(Items listed in a dataset)
= = = =

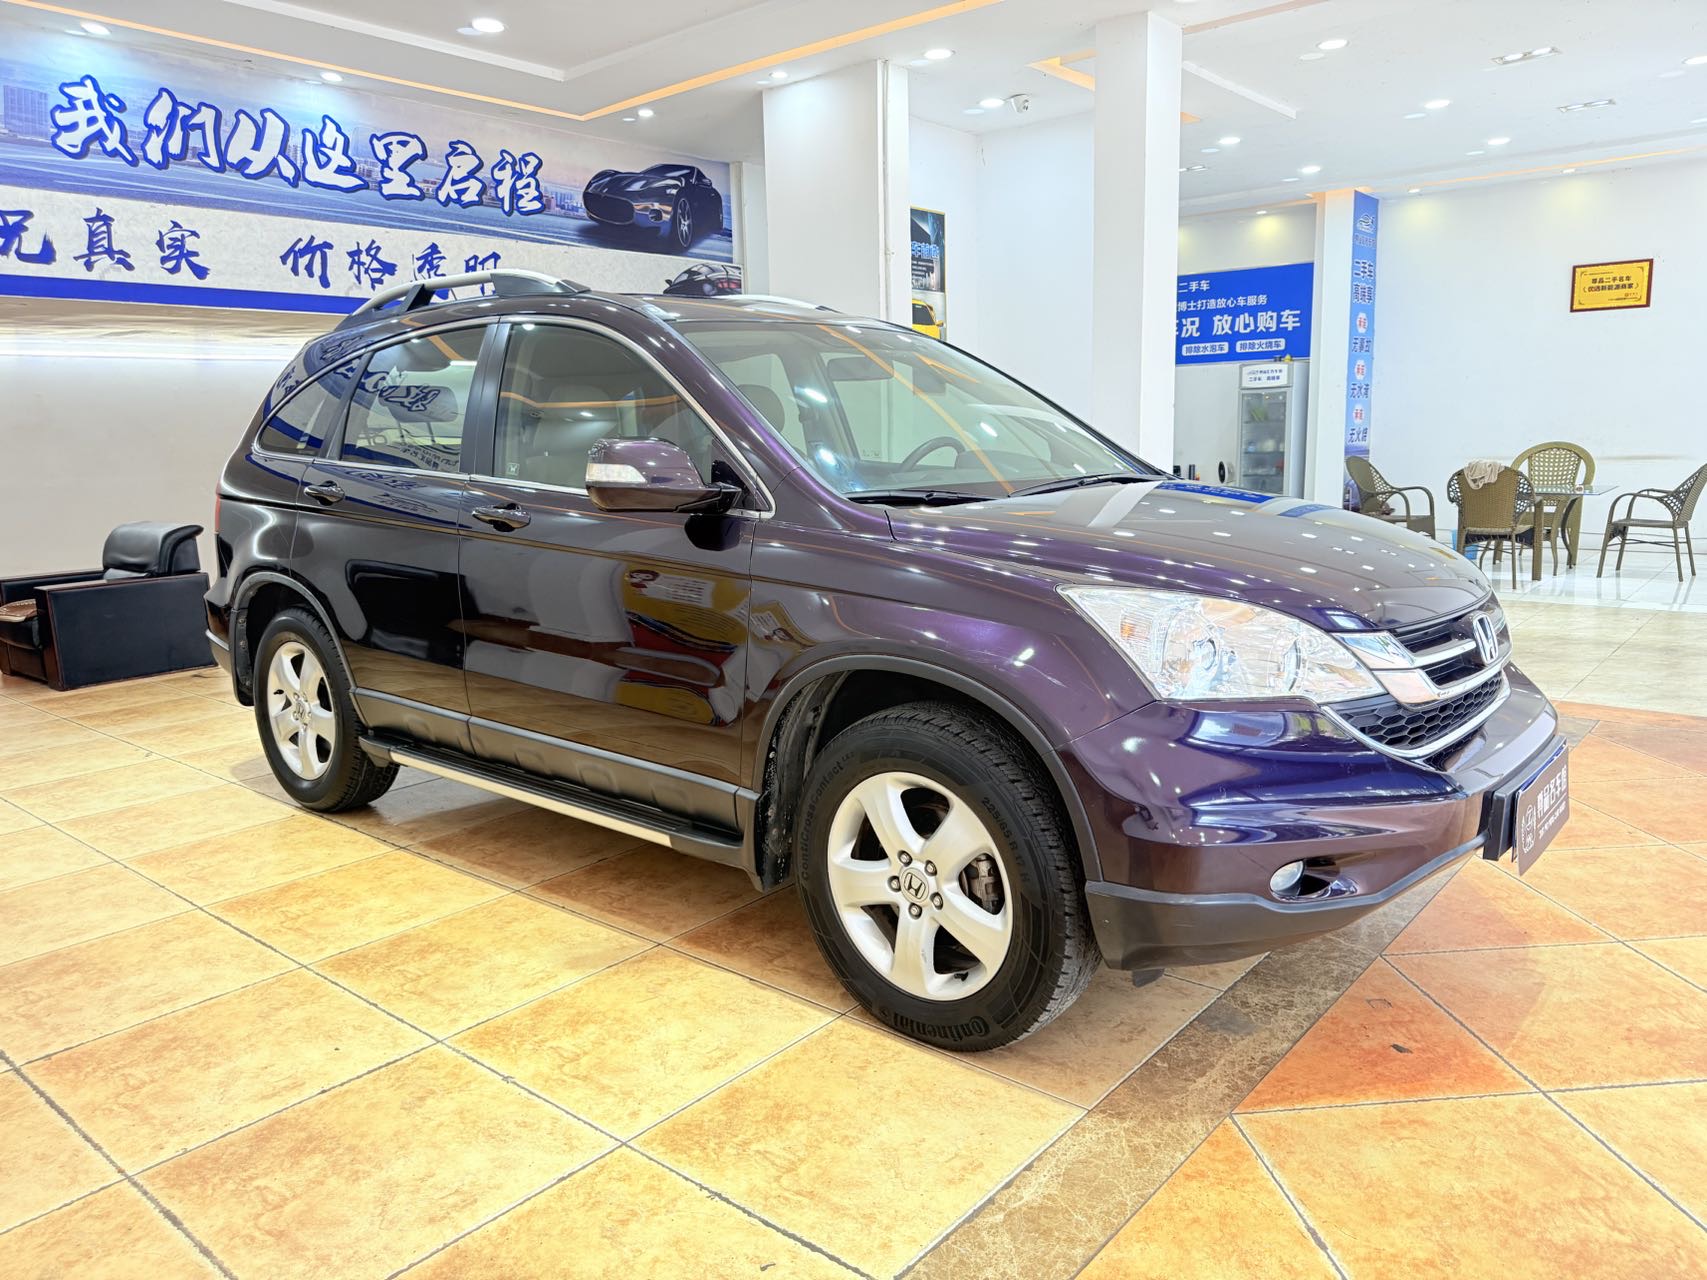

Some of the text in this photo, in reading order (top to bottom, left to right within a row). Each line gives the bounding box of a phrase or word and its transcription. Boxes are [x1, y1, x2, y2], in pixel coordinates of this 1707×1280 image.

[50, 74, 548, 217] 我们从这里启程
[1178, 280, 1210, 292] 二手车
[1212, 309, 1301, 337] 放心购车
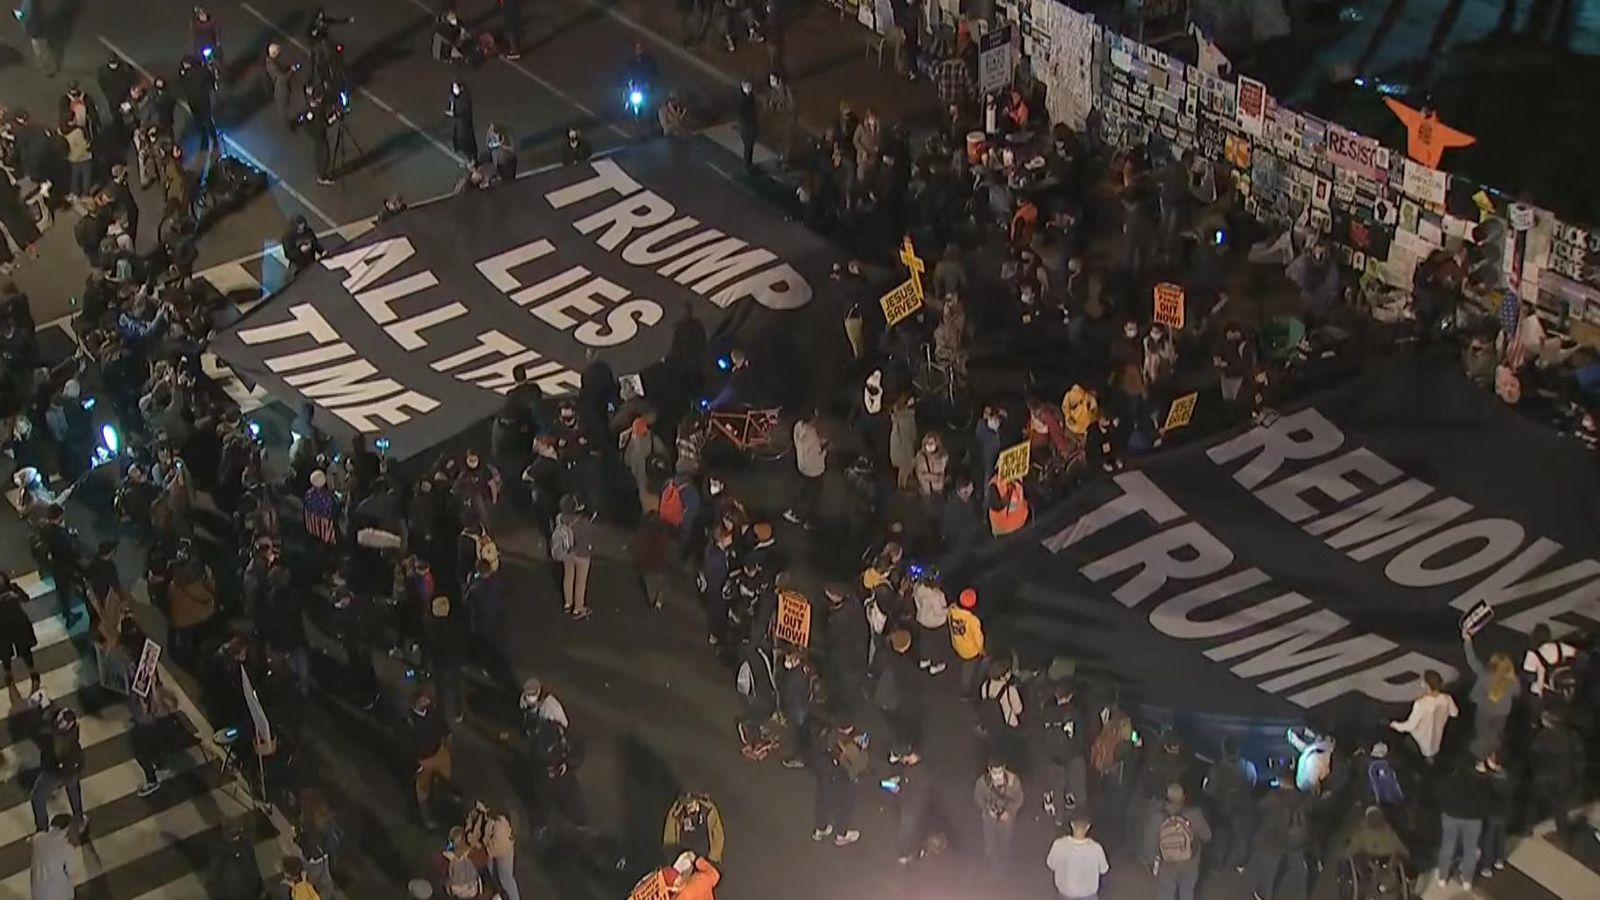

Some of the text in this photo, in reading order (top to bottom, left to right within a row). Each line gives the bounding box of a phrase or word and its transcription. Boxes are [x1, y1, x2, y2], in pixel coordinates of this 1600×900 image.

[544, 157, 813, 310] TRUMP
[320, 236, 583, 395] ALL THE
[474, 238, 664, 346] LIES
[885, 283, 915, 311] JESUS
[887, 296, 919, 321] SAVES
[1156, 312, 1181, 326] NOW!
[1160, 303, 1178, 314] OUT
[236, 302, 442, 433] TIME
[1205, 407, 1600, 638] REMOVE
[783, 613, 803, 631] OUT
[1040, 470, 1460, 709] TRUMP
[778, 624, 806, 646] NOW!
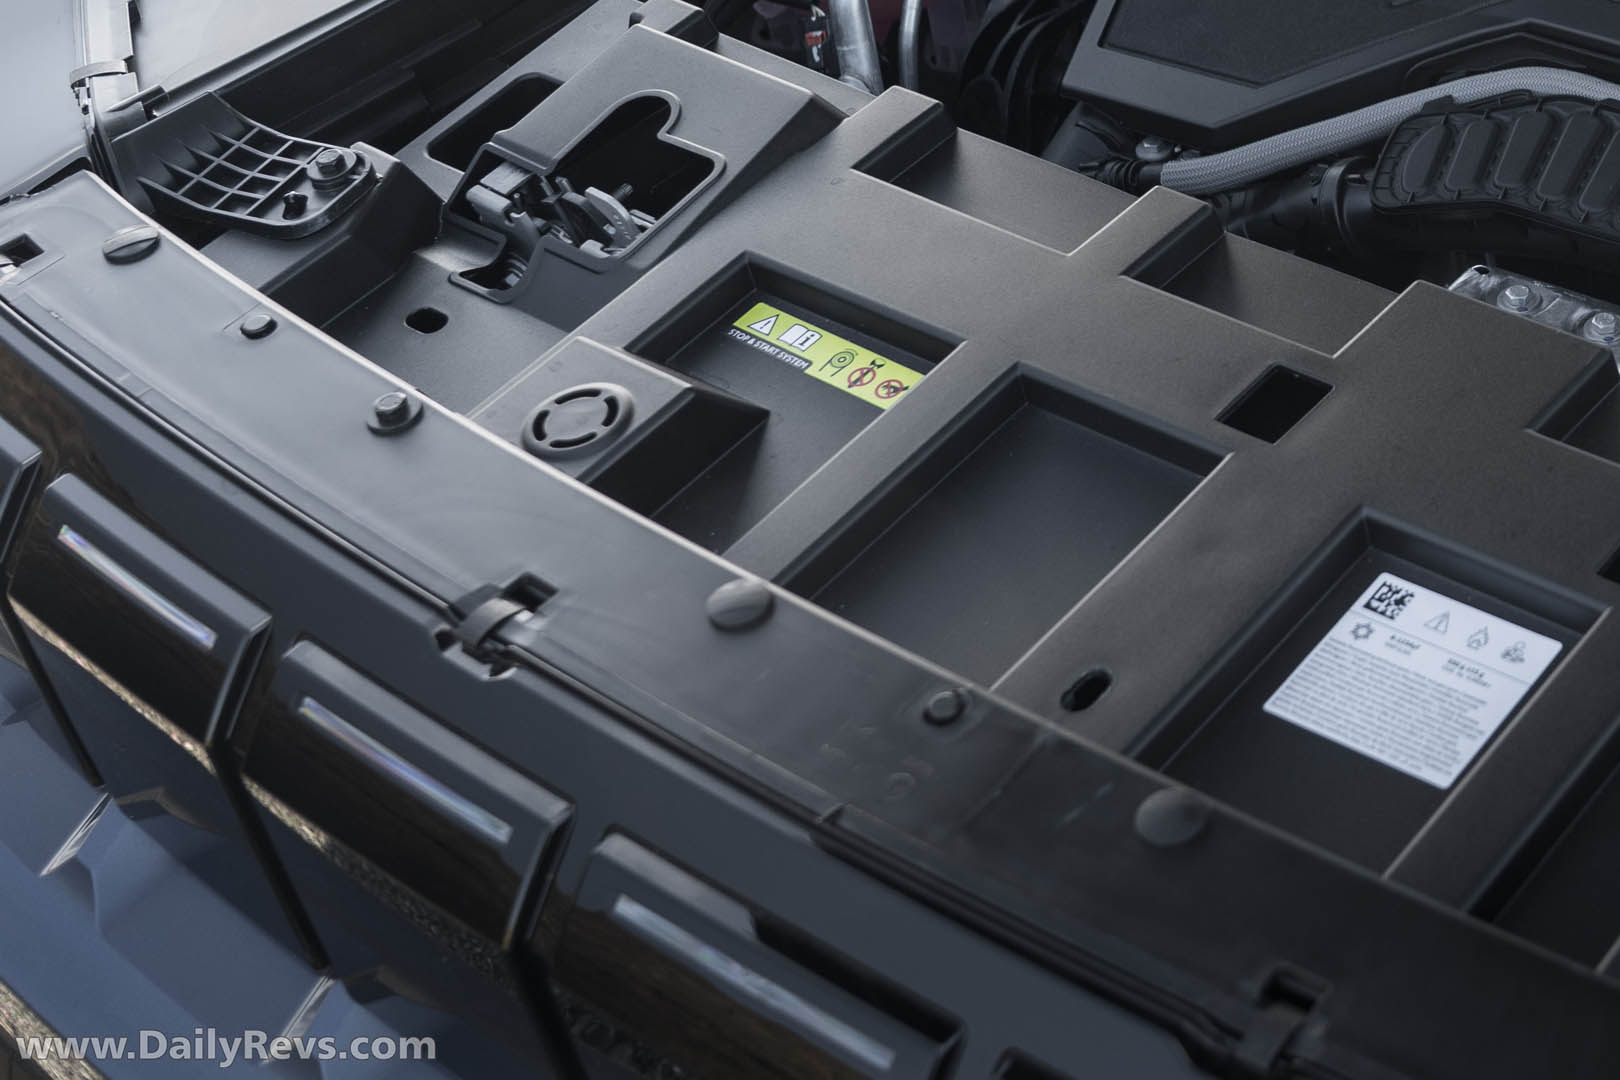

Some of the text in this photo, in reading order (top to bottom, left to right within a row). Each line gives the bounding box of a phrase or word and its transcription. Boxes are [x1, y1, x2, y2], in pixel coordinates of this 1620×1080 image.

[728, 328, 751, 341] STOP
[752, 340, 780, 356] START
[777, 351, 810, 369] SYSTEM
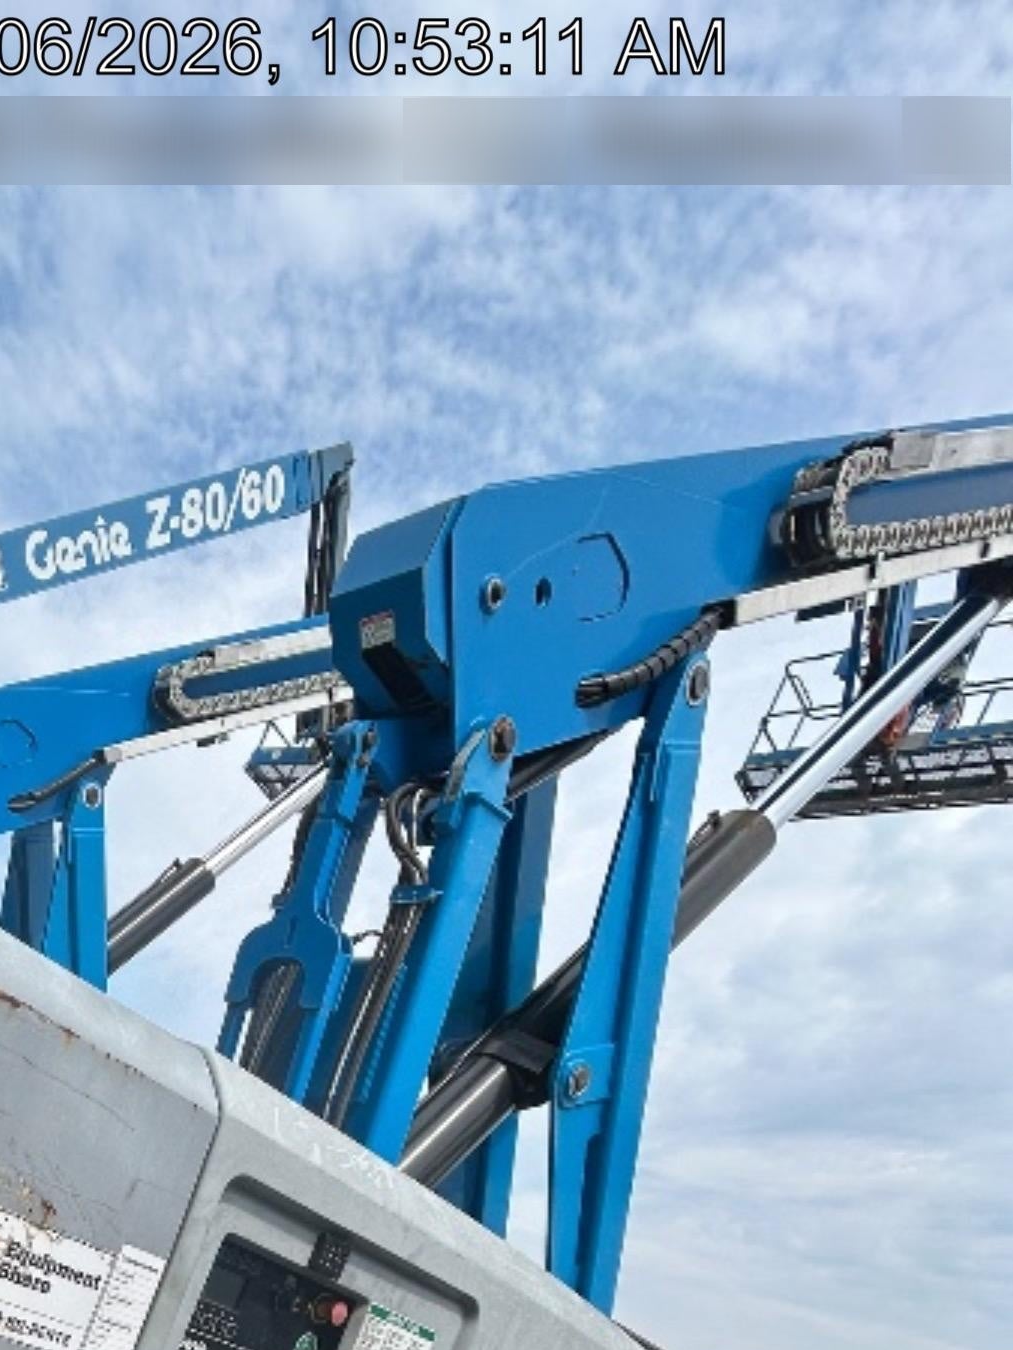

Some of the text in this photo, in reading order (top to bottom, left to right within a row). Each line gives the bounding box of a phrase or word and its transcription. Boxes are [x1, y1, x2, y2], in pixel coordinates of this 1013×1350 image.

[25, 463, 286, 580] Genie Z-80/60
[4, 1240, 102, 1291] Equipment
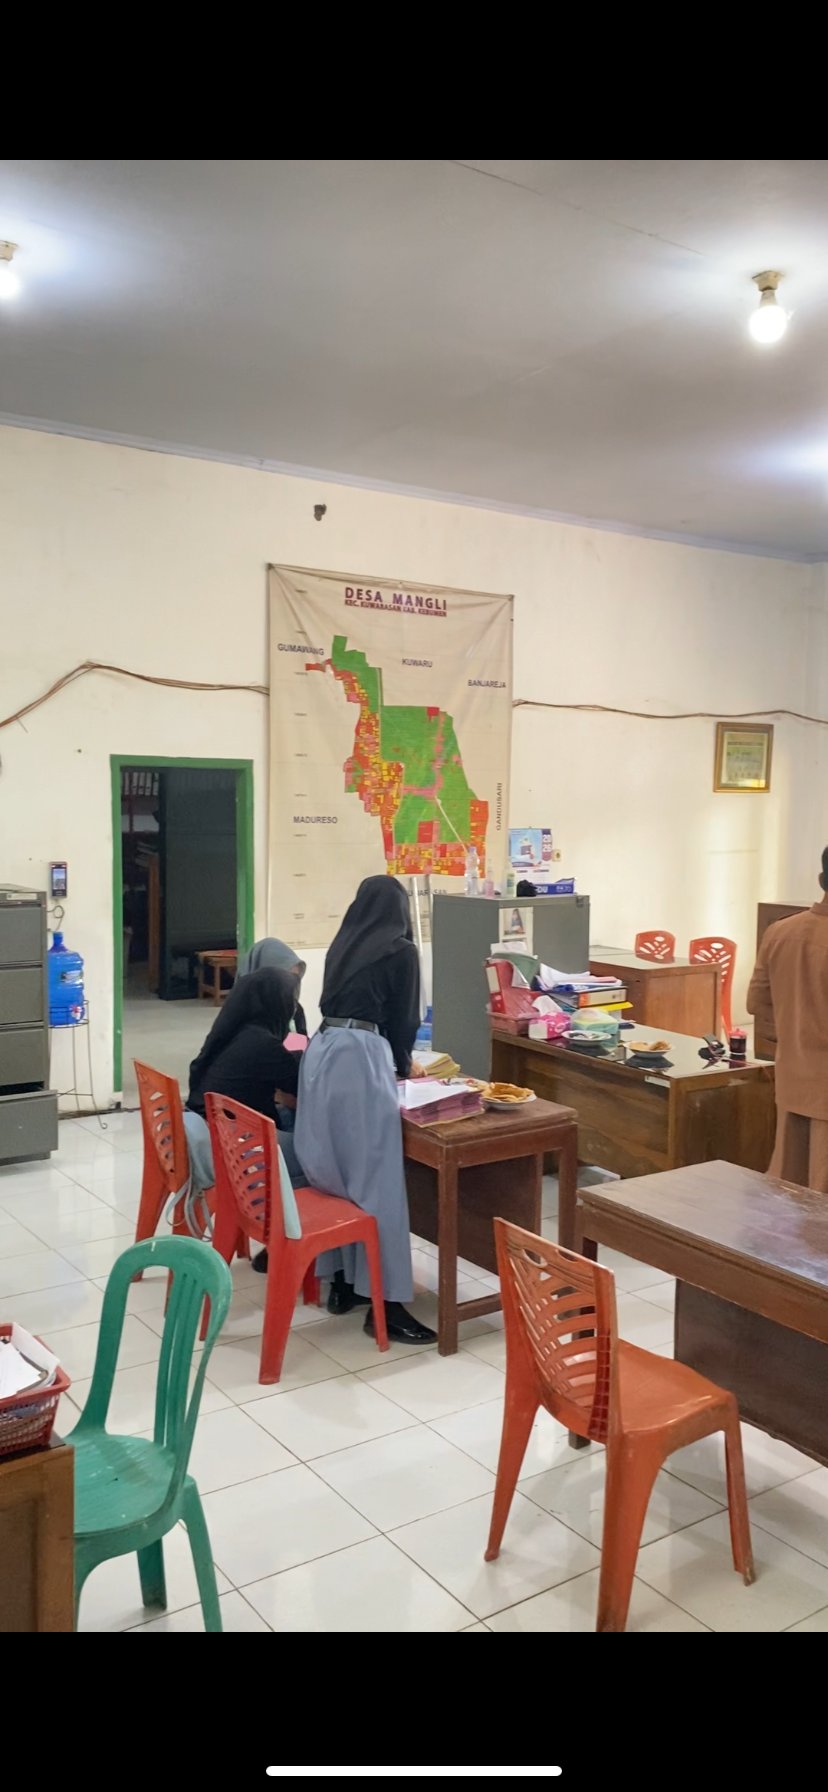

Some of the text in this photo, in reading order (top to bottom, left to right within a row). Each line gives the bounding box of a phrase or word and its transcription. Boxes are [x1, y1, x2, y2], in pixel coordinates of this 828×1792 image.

= = = =

What you need to do
Please retype the lines from the one that contains "this 1013×1350 image." to the final line of the records, both included, exactly as written and without any pictures.

Task solution
Some of the text in this photo, in reading order (top to bottom, left to right within a row). Each line gives the bounding box of a phrase or word and its transcription. Boxes are [x1, y1, x2, y2], in pixel coordinates of this 1013×1350 image.

[25, 463, 286, 580] Genie Z-80/60
[4, 1240, 102, 1291] Equipment

Some of the text in this photo, in reading order (top to bottom, left to right within a row). Each line gives the bounding box of a phrase or word and its transcription. Boxes are [x1, y1, x2, y2], in pixel coordinates of this 828×1792 image.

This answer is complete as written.